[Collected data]
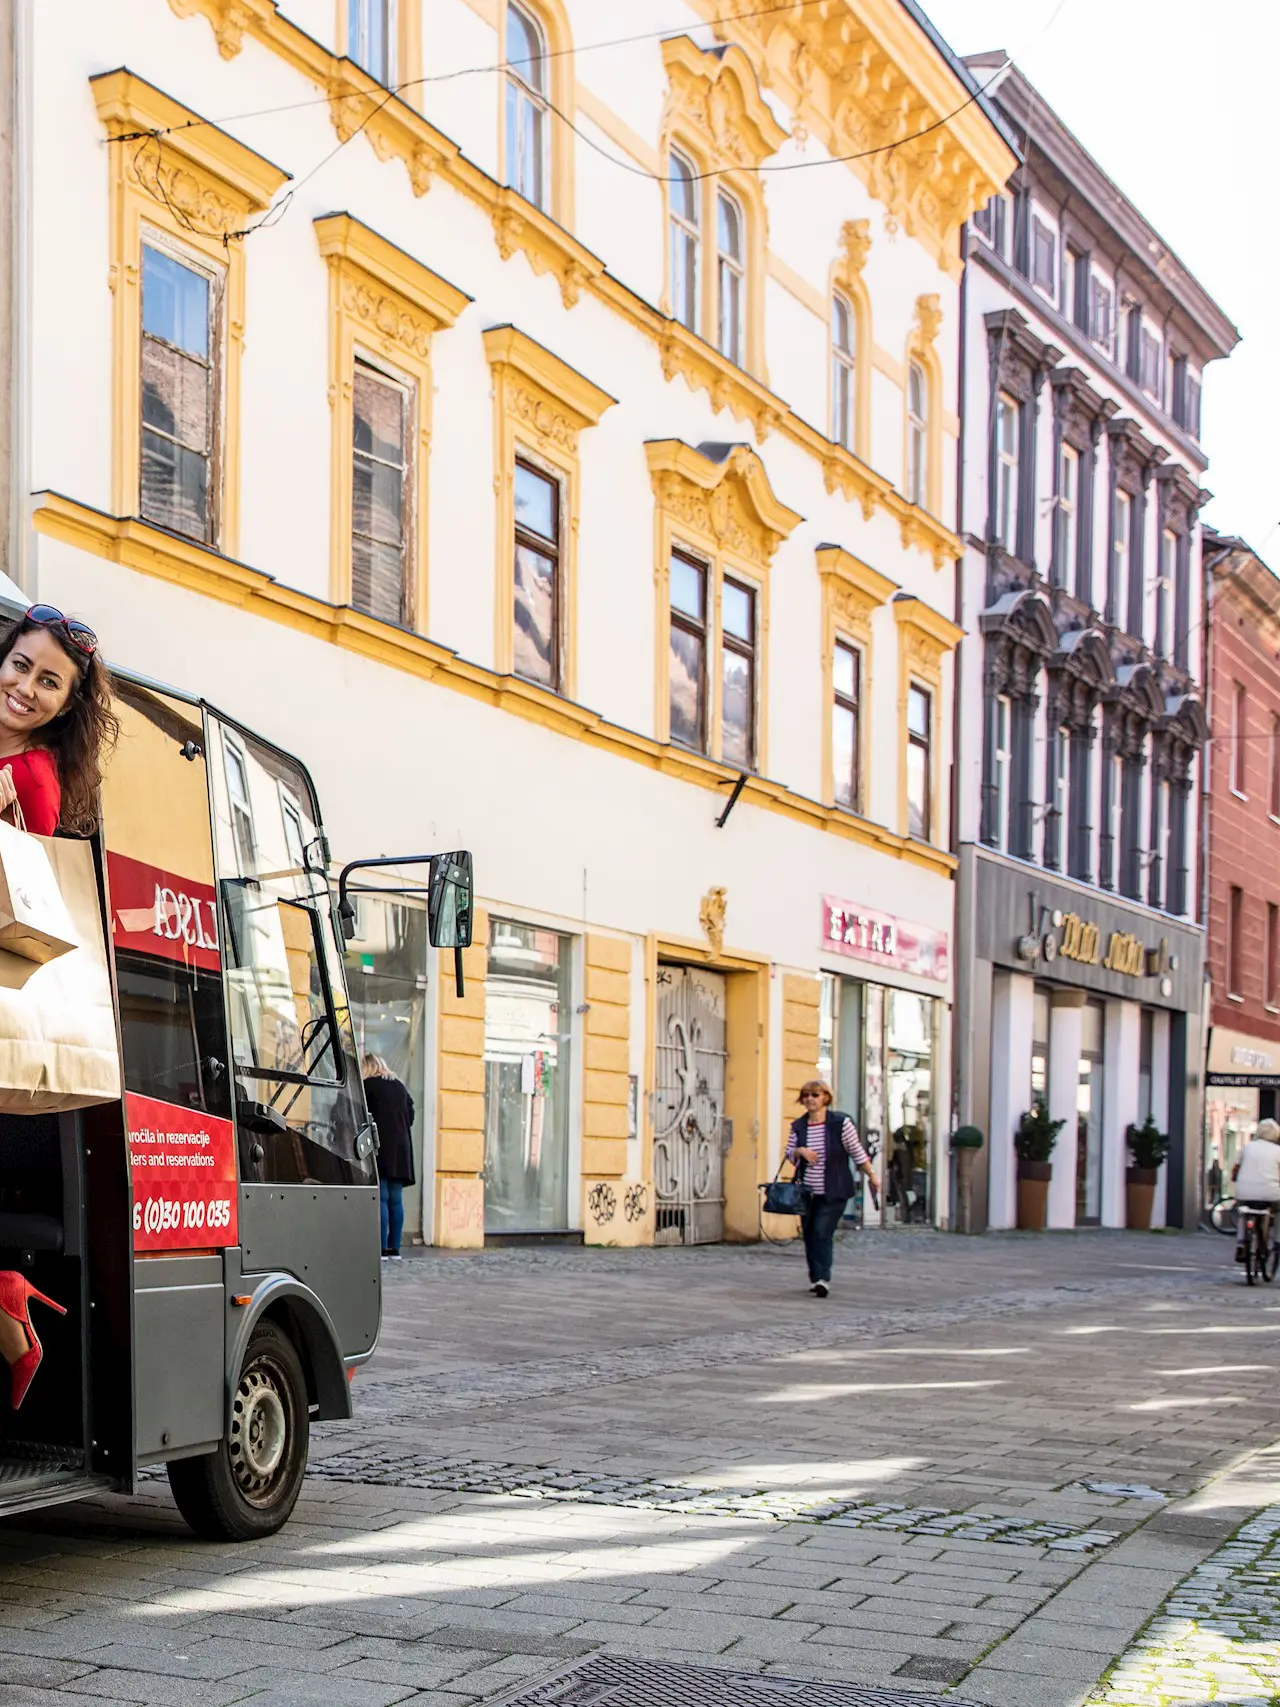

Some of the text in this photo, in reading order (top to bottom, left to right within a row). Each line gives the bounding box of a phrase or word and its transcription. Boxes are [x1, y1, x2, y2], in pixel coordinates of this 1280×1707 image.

[829, 906, 896, 955] EXTRA
[156, 1129, 165, 1143] in
[166, 1130, 210, 1148] rezervacije
[148, 1152, 164, 1167] and
[166, 1152, 214, 1167] reservations
[144, 1197, 180, 1234] (0)30
[183, 1200, 205, 1229] 100
[207, 1199, 230, 1228] 035

_INSTRUCTIONS TO FOLLOW:_
Output all of the entries once more, word for word, with the images removed.

_RESULT:_
Some of the text in this photo, in reading order (top to bottom, left to right within a row). Each line gives the bounding box of a phrase or word and its transcription. Boxes are [x1, y1, x2, y2], in pixel coordinates of this 1280×1707 image.

[829, 906, 896, 955] EXTRA
[156, 1129, 165, 1143] in
[166, 1130, 210, 1148] rezervacije
[148, 1152, 164, 1167] and
[166, 1152, 214, 1167] reservations
[144, 1197, 180, 1234] (0)30
[183, 1200, 205, 1229] 100
[207, 1199, 230, 1228] 035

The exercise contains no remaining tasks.